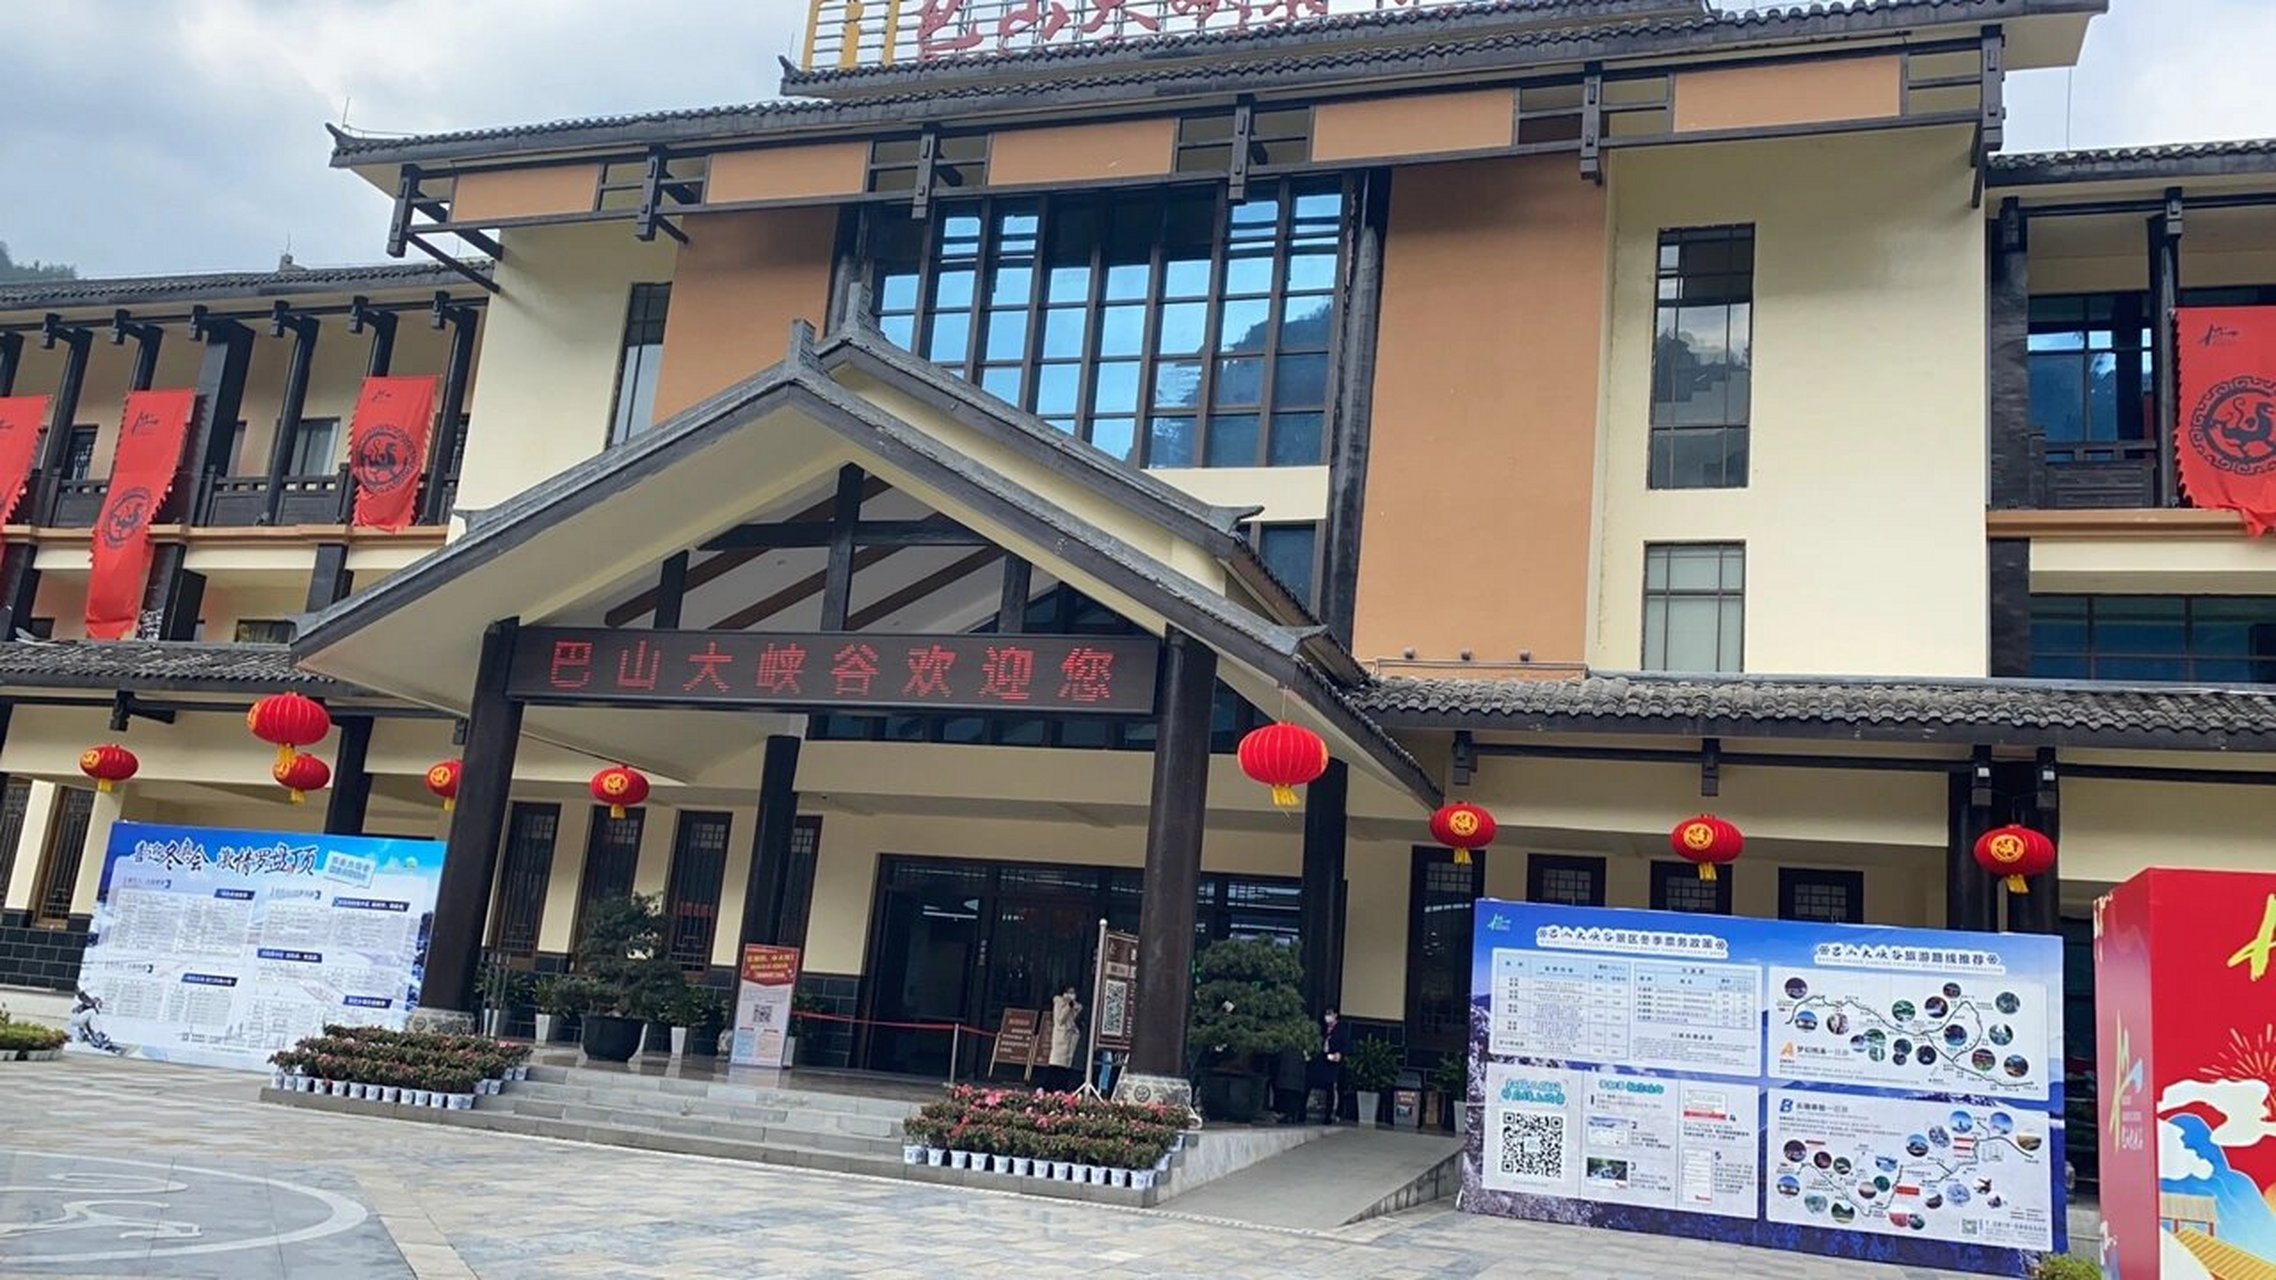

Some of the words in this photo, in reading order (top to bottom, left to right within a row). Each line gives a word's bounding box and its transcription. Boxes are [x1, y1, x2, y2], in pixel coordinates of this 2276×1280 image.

[549, 640, 1114, 701] 巴山大峡谷欢迎您
[1549, 929, 1714, 949] 巴山大峡谷景区冬季票务政策
[1832, 945, 1986, 966] 巴山大峡谷旅游路线推荐
[1780, 1041, 1794, 1057] A
[1779, 1098, 1794, 1113] B
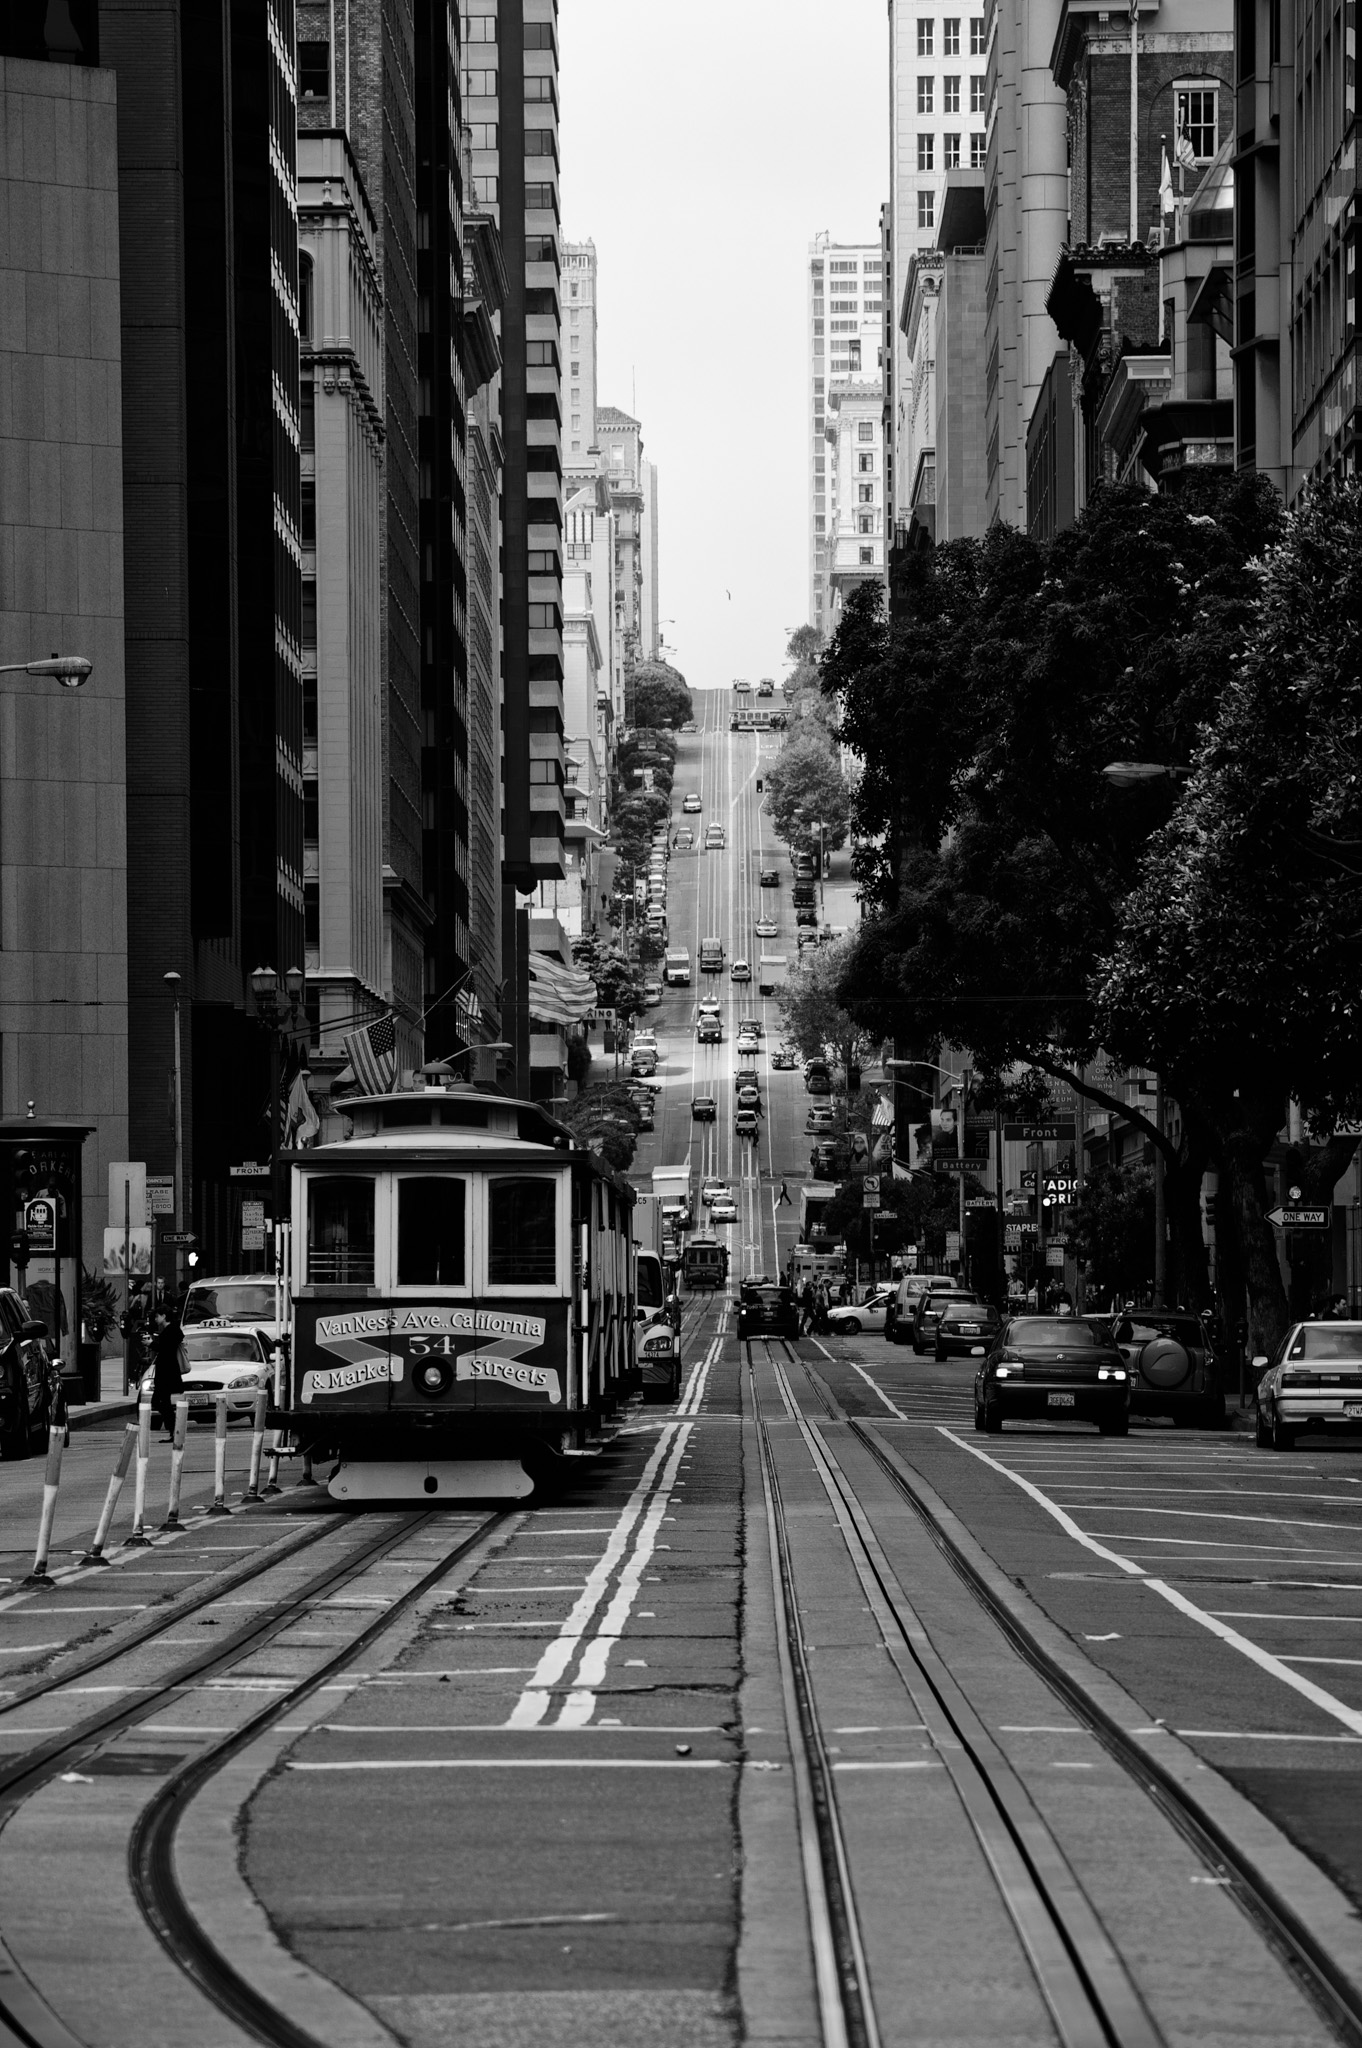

Task to carry out: Copy out each record word for word and omit any pictures.

Result for this exercise:
Some of the words in this photo, in reading order (top to bottom, left to right within a row). Each line gives a word's bounding box and its transcription. Boxes are [x1, y1, x2, y2], in pixel coordinates of this 2276×1280 image.

[549, 640, 1114, 701] 巴山大峡谷欢迎您
[1549, 929, 1714, 949] 巴山大峡谷景区冬季票务政策
[1832, 945, 1986, 966] 巴山大峡谷旅游路线推荐
[1780, 1041, 1794, 1057] A
[1779, 1098, 1794, 1113] B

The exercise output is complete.